● **Required work**
From the first line to the last, copy the data exactly and drop the pictures.

● **Data section**
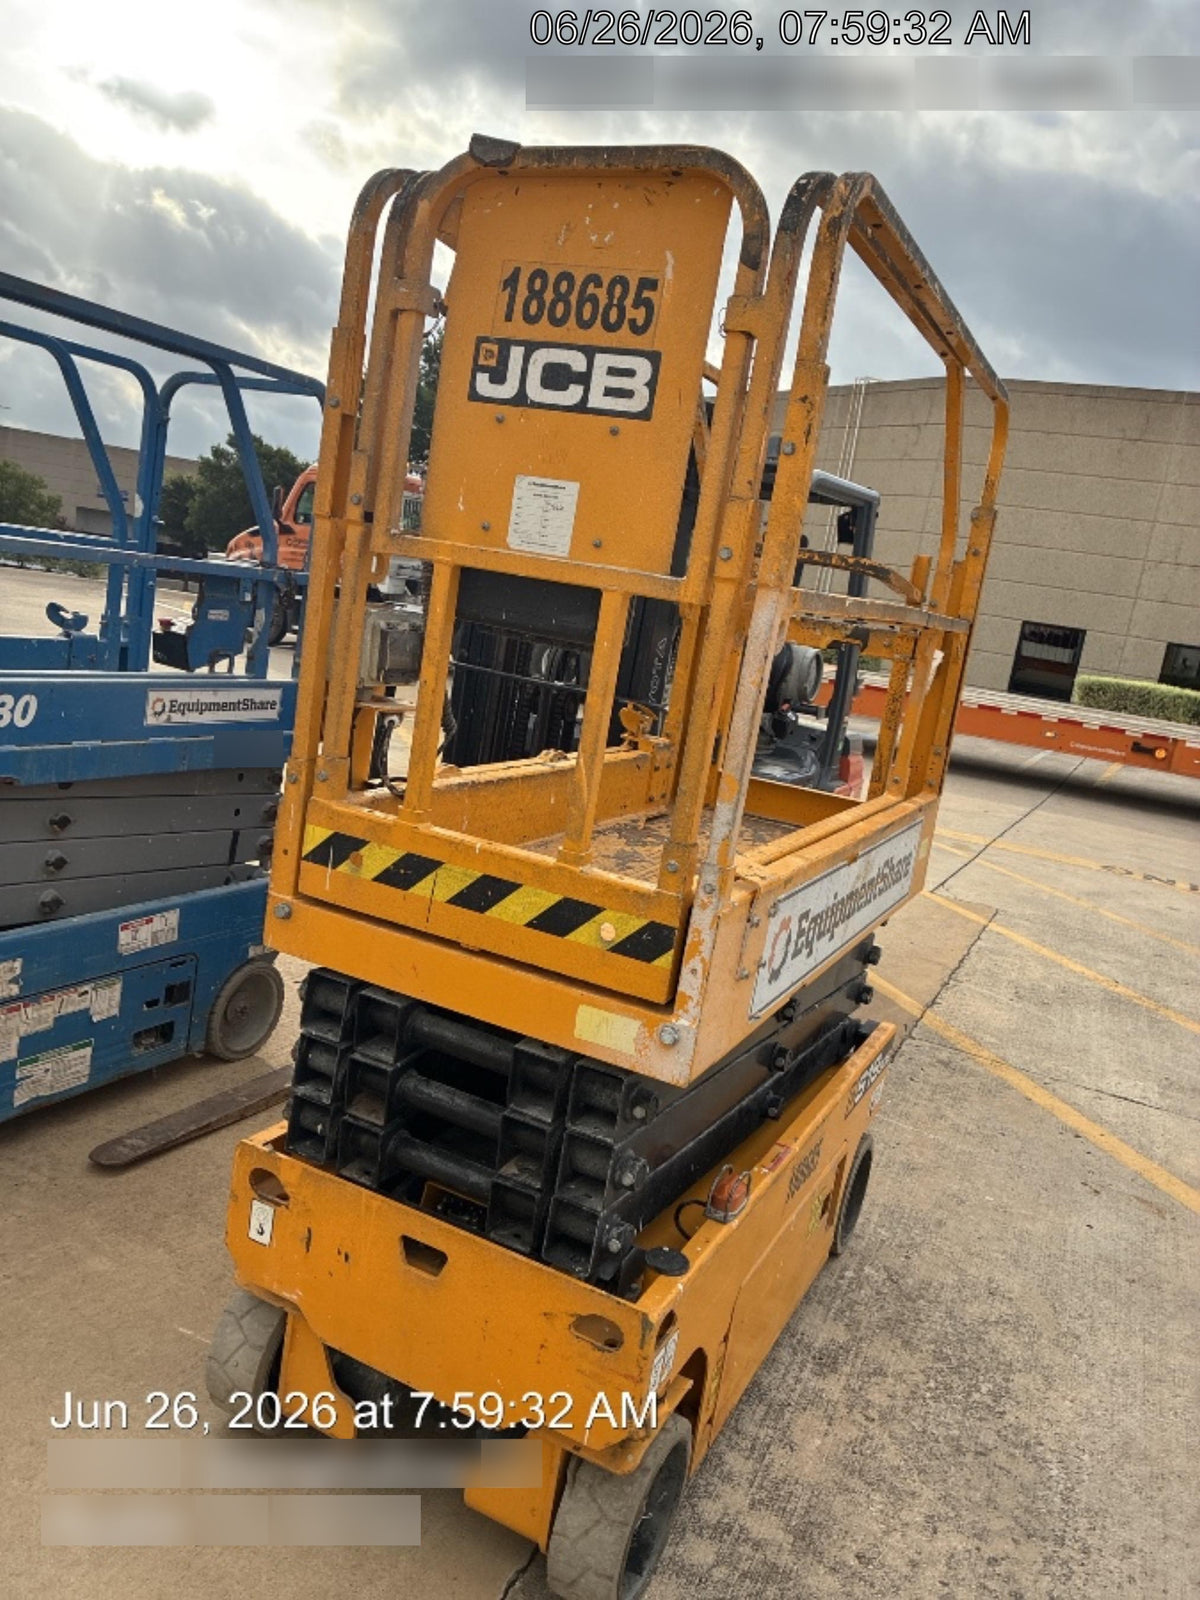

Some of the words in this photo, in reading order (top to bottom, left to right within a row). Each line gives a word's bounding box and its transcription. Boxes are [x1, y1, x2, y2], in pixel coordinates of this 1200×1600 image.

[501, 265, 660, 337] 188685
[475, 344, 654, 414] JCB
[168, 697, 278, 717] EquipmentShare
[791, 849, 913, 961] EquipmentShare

● **Answer section**
Some of the words in this photo, in reading order (top to bottom, left to right within a row). Each line gives a word's bounding box and its transcription. Boxes are [x1, y1, x2, y2], in pixel coordinates of this 1200×1600 image.

[501, 265, 660, 337] 188685
[475, 344, 654, 414] JCB
[168, 697, 278, 717] EquipmentShare
[791, 849, 913, 961] EquipmentShare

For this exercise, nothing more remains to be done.